Hohe Nutzung und hohe Qualität sollen zu einer entsprechenden Wirkung beitragen, der Ebene 3 des Steuerungsinstruments. Die wahrgenommene Wirkung auf unseren Auftrag in den Dimensionen Kultur, Bildung, Information, Beratung und Unterhaltung steht hierbei im Fokus. Haben die Angebote eine positive Wirkung, werden die Menschen in Deutschland bestätigen, dass wir als ZDF unseren öffentlich-rechtlichen Auftrag erfüllen. Um dies zu überprüfen, müssen die juristischen Formulierungen aus dem Staatsvertrag für das Publikum übersetzt werden. So ist der Kulturauftrag des ZDF viel zu abstrakt, um dem Publikum eine Einschätzung abzuverlangen. Stattdessen fragt das ZDF danach, ob die Menschen zustimmen, dass wir das „kulturelle Leben in Deutschland zeigen, wie es ist“. Die Zustimmung zu Aussagen wie „Das ZDF hilft mir dabei, die Welt um mich herum besser zu verstehen“ überprüfen den Informationsauftrag. „Das ZDF hilft mir, abzuschalten und auf andere Gedanken zu kommen“ gibt Hinweise auf den Unterhaltungsauftrag.
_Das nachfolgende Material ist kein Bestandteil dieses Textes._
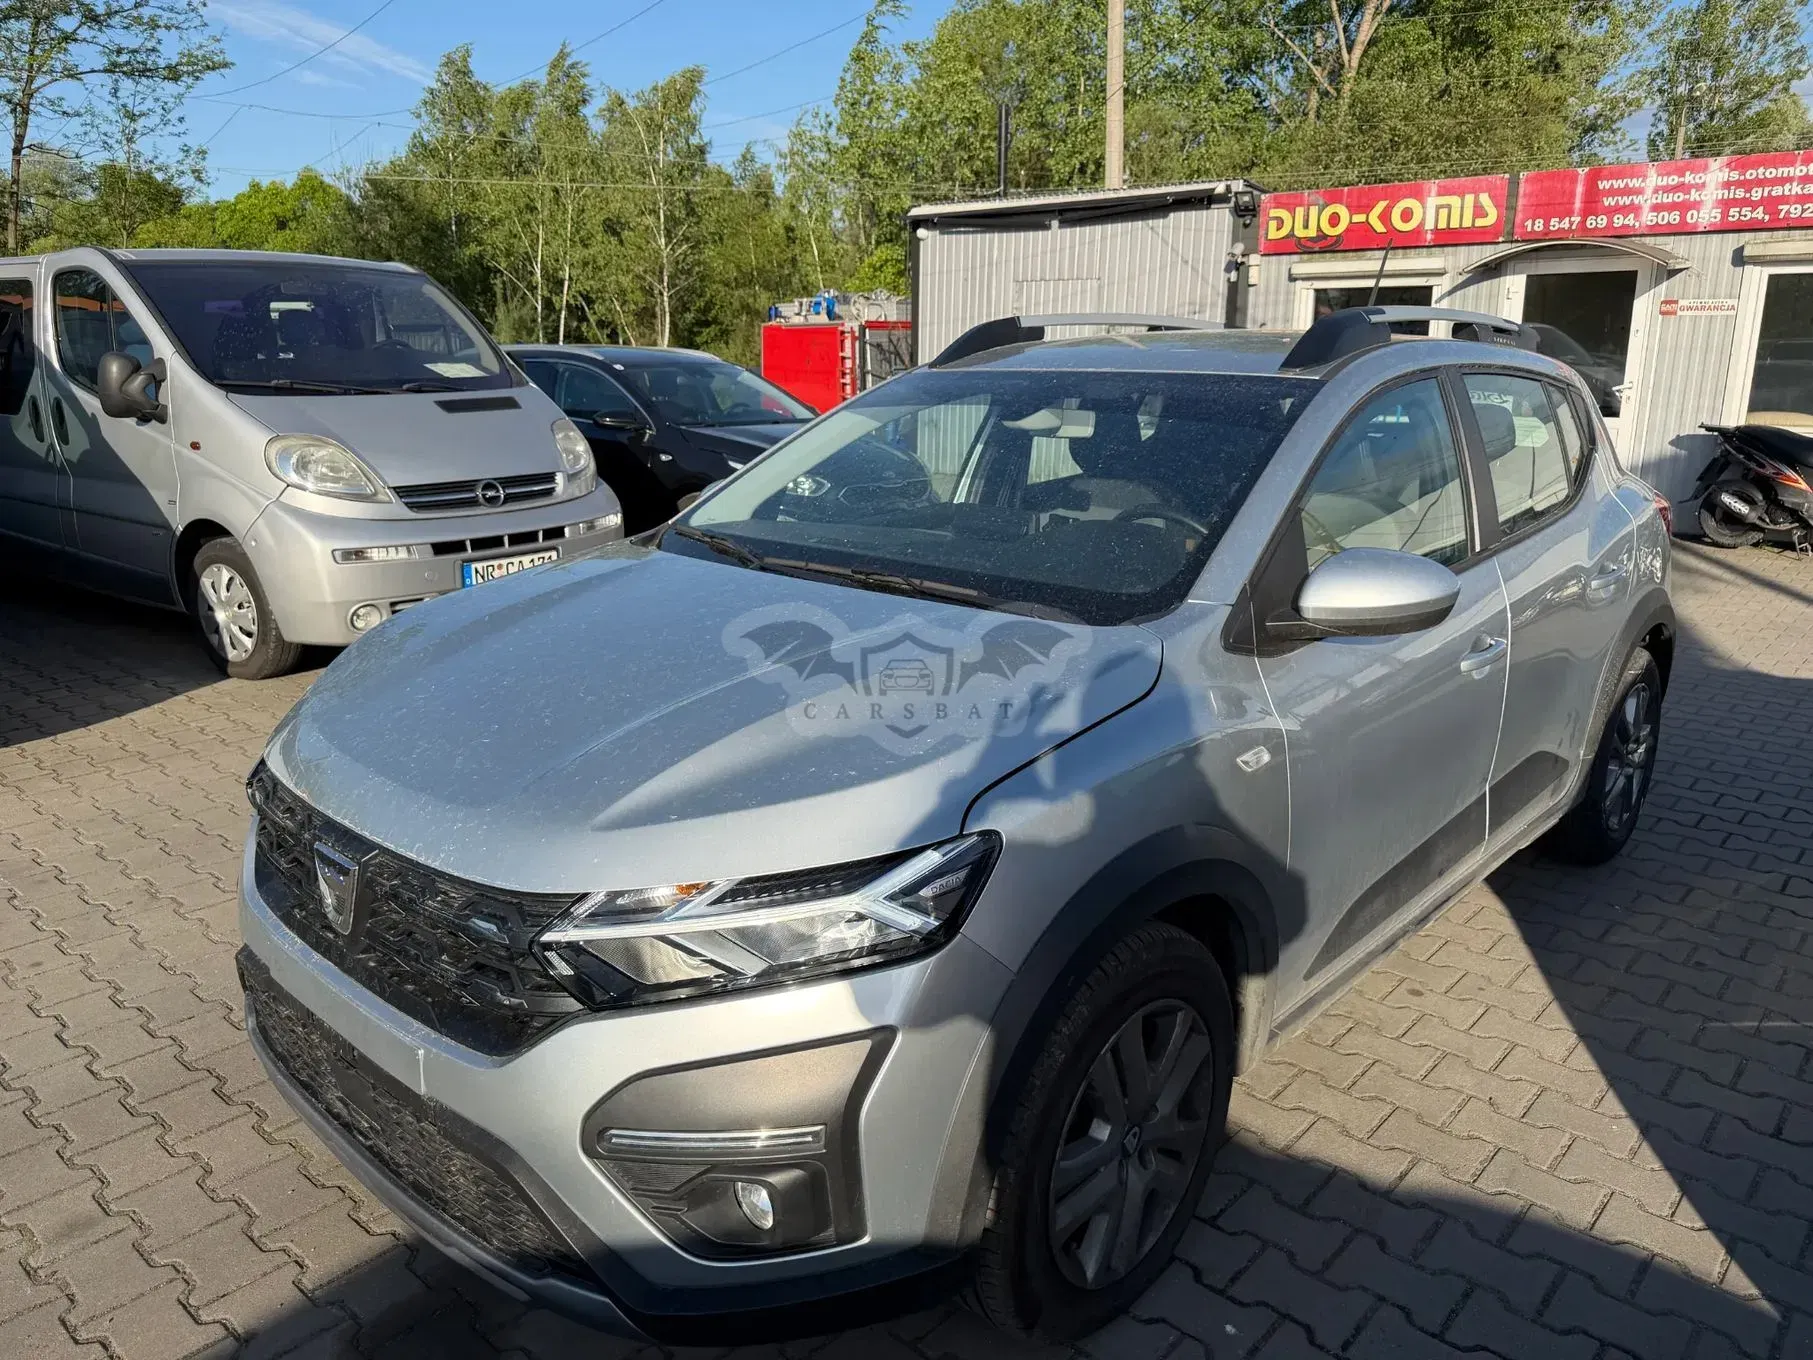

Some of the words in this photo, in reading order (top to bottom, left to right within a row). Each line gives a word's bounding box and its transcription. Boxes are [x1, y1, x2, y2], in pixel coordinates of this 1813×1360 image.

[1524, 218, 1544, 232] 18
[1549, 216, 1581, 231] 547
[1586, 215, 1608, 229] 69
[1612, 212, 1640, 228] 94,
[1646, 210, 1681, 226] 506
[1686, 208, 1722, 224] 055
[1727, 206, 1770, 223] 554,
[1777, 203, 1813, 219] 792
[1679, 304, 1736, 312] GWARANCJA
[474, 564, 495, 584] NR
[505, 560, 525, 575] CA
[930, 876, 961, 894] DACIA
Die Akzeptanz des ZDF als öffentlich-rechtlicher Medienanbieter basiert auf dem wahrgenommenen persönlichen sowie gesellschaftlichen Wert des ZDF, der im Zentrum der Ebene 4 steht. Die Akzeptanz des öffentlich-rechtlichen Rundfunks basiert auf der nutzenstiftenden Wirkung für jeden Einzelnen sowie für die Gesellschaft als Ganzes. Fragestellungen, ob sich das ZDF in den Augen des Publikums von kommerziellen Medienanbietern unterscheidet oder ob die Zeit, die eine Nutzerin mit dem ZDF verbracht hat, gut investiert war, werden hier eingesetzt. Und schlussendlich bildet auch die Finanzierung über den Rundfunkbeitrag eine Dimension der Akzeptanz, die eingeschlossen ist. Die Antworten auf die Frage, ob die Menschen bereit sind, den monatlichen Anteil des Rundfunkbeitrags in Höhe von 4,69 Euro für das ZDF und sein Programmangebot zu bezahlen, geben einen wichtigen Hinweis auf die Akzeptanz in der Bevölkerung.
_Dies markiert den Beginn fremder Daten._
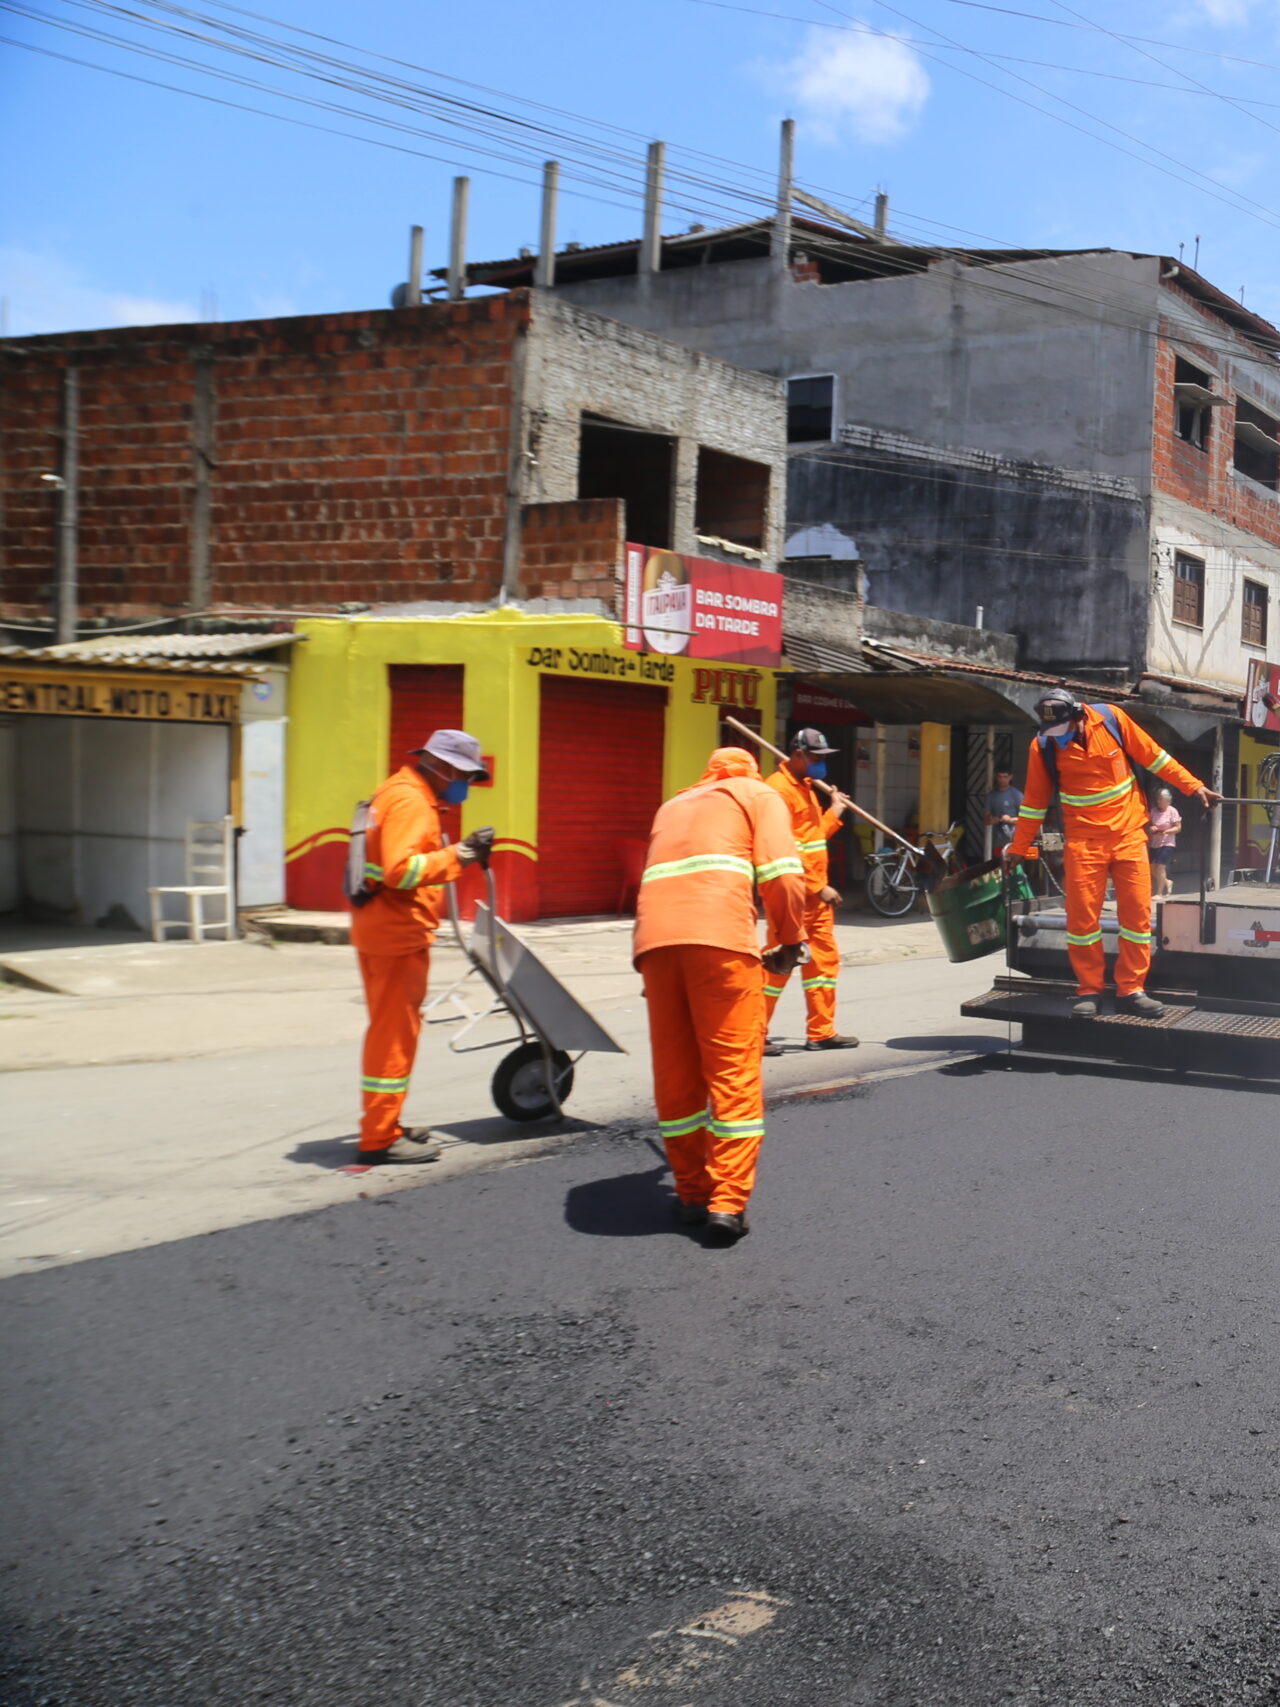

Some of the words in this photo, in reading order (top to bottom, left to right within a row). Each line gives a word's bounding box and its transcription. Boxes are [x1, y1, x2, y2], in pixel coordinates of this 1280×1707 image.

[695, 588, 723, 608] BAR
[724, 594, 778, 618] SOMBRA
[695, 612, 716, 629] DA
[717, 615, 760, 637] TARDE
[568, 647, 626, 676] Sombra
[637, 651, 675, 682] Tarde
[110, 687, 171, 716] MOTO
So ergibt sich in der Gesamtschau aus Nutzung, Qualität, Wirkung und Akzeptanz eine Art „Blutbild“, das aus verschiedenen Werten besteht und dadurch Auskunft über die Leistungserfüllung geben kann. Die Wechselwirkung der verschiedenen Ebenen ist dabei einfach zu beschreiben: Ohne hinreichende Nutzung keine nachhaltige positive Wirkung des ZDF-Angebots. Ohne differenzierende Qualität keine Abgrenzung von kommerziellen Angeboten. Ohne intensivierte Wirkungsforschung ist der Wert für die Gesellschaft und die Einzelnen nicht zu erfassen und damit die Frage nach der Akzeptanz nicht zu klären. Mit dem ZDF Kompass und seinen vier Ebenen soll ein Beitrag zur Transparenz des öffentlich-rechtlichen Rundfunks in seinen unterschiedlichen Facetten geleistet werden. Eine Grundlage für Debatten über unsere Rolle und unseren Beitrag für die demokratische Öffentlichkeit, die dringend mehr Aufmerksamkeit in der aktuellen Diskussion bekommen sollte.
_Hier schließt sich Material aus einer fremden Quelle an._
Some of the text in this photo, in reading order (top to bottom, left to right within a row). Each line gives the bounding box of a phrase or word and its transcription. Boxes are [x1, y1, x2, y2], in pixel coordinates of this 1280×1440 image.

Dr. Florian Kumb ist Leiter der ZDF-Hauptabteilung Programmplanung. Die Hauptabteilung Programmplanung des ZDF umfasst Programmstrategie und -portfolio, Medienforschung, internationale Programmbeobachtung, Programm-IT, Programmwirtschaft, Produktionsplanung, Sendeleitung sowie die Planungsredaktion für das ZDF-Hauptprogramm und die Planungskoordination für die Programmfamilie aller Ausspielwege des ZDF.